> TASK GOAL: Exactly reproduce the lines from the one containing "this 1920×1283 image." through the last line of the data, both ends included, leaving out pictures.

Dataset items:
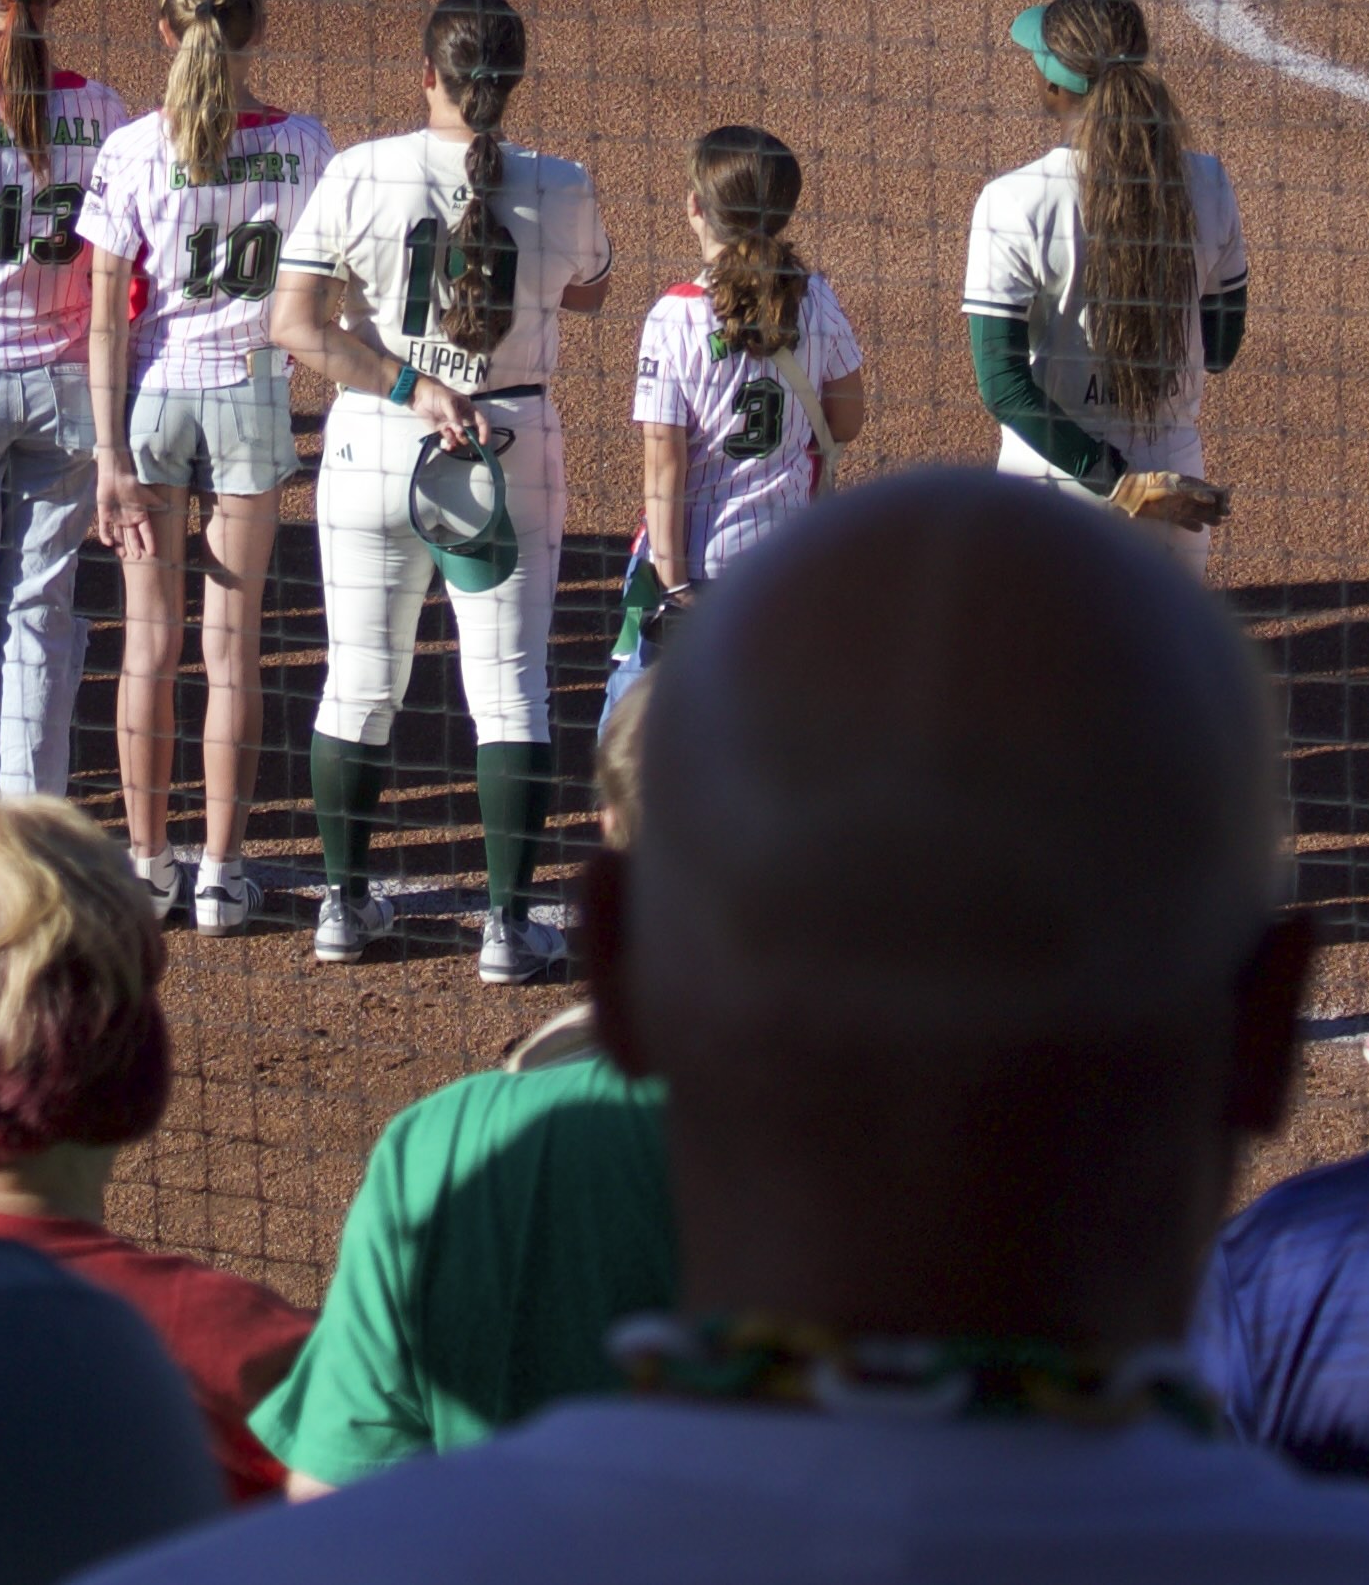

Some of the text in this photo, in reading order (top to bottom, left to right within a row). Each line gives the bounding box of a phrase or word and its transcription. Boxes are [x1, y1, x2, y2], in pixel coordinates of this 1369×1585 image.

[182, 219, 283, 302] 10
[408, 340, 490, 384] FLIPPEN
[723, 377, 785, 460] 3
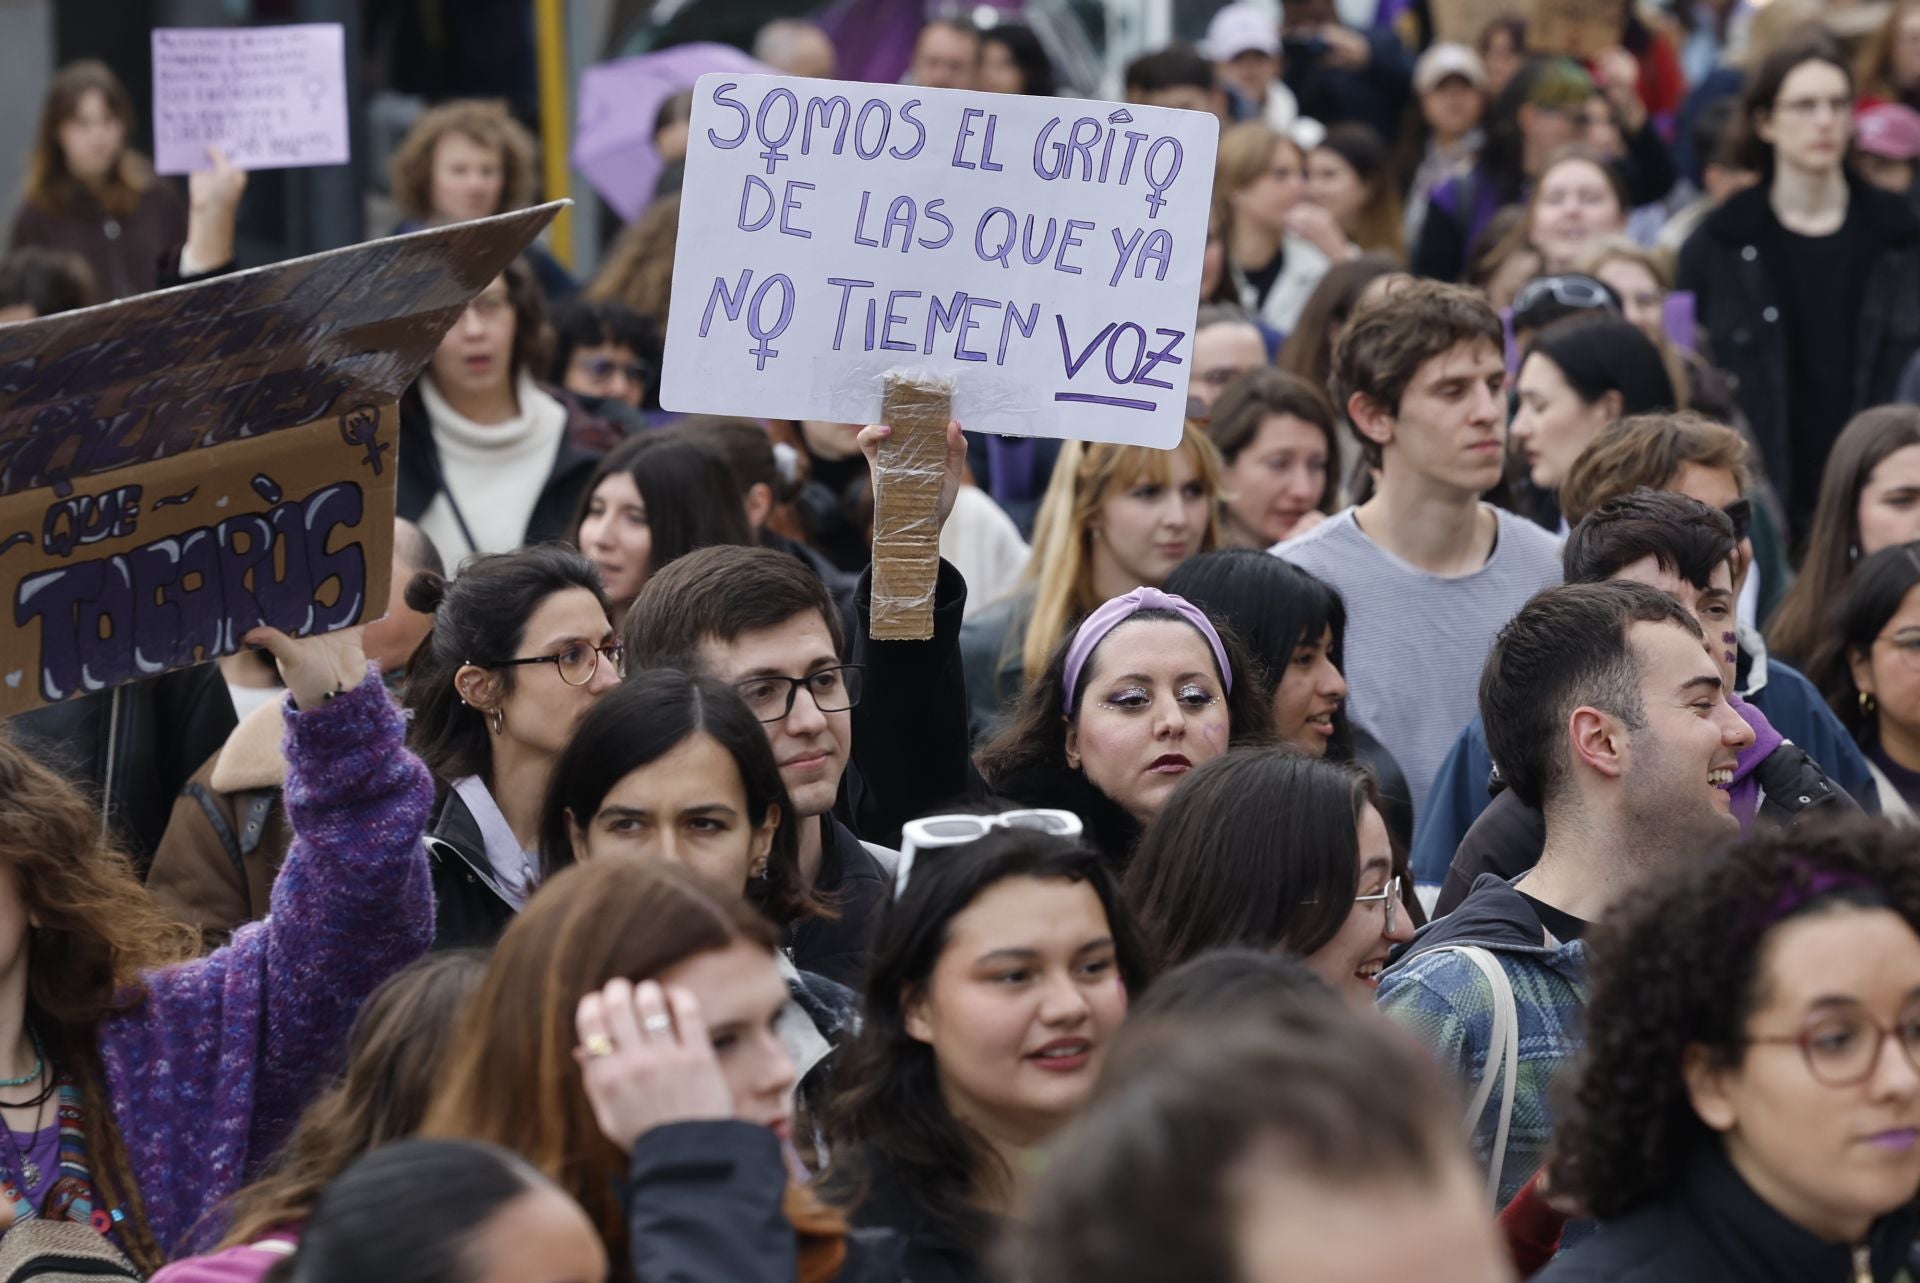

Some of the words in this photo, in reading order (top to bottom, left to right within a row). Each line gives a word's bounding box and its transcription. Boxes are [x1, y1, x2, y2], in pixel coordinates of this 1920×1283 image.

[708, 83, 926, 174] SOMOS
[951, 108, 1004, 171] EL
[737, 175, 816, 239] DE
[854, 190, 954, 253] LAS
[974, 206, 1096, 275] QUE
[1109, 227, 1174, 287] YA
[699, 268, 796, 372] NO
[827, 277, 1041, 366] TIENEN
[1055, 314, 1187, 390] VOZ
[42, 484, 143, 557] QUE
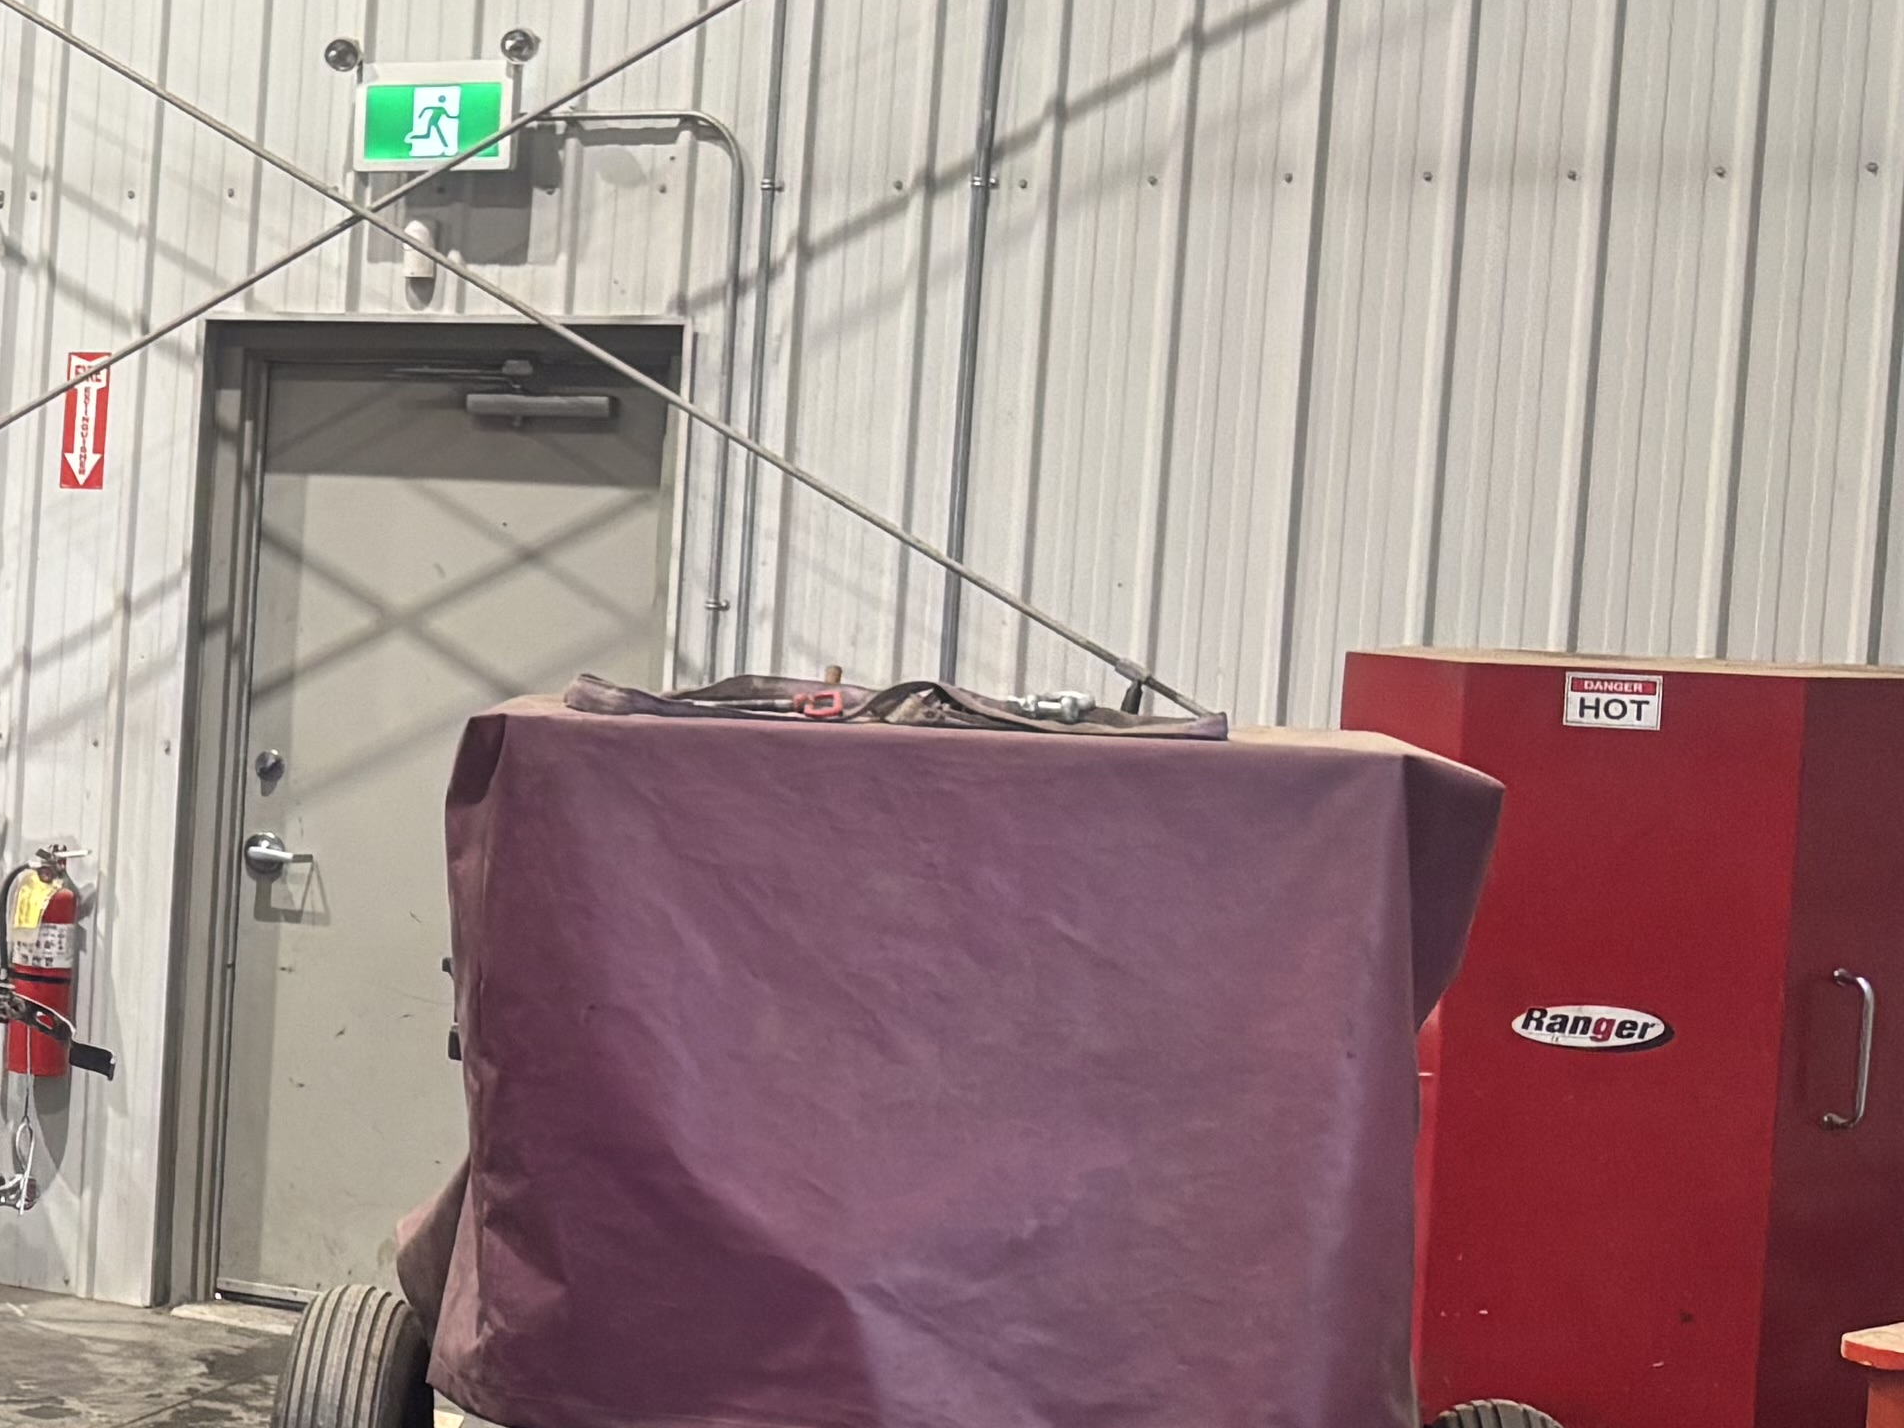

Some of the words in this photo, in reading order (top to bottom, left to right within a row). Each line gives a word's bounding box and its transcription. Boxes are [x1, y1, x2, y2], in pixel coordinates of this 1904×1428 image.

> ANSWER BELOW:
Some of the words in this photo, in reading order (top to bottom, left to right within a row). Each line gives a word's bounding box and its transcription. Boxes are [x1, y1, x2, y2], in pixel coordinates of this 1920×1283 image.

[708, 83, 926, 174] SOMOS
[951, 108, 1004, 171] EL
[737, 175, 816, 239] DE
[854, 190, 954, 253] LAS
[974, 206, 1096, 275] QUE
[1109, 227, 1174, 287] YA
[699, 268, 796, 372] NO
[827, 277, 1041, 366] TIENEN
[1055, 314, 1187, 390] VOZ
[42, 484, 143, 557] QUE

Some of the words in this photo, in reading order (top to bottom, left to right within a row). Each line gives a word's bounding box and its transcription. Boxes are [x1, y1, x2, y2], in pixel coordinates of this 1904×1428 image.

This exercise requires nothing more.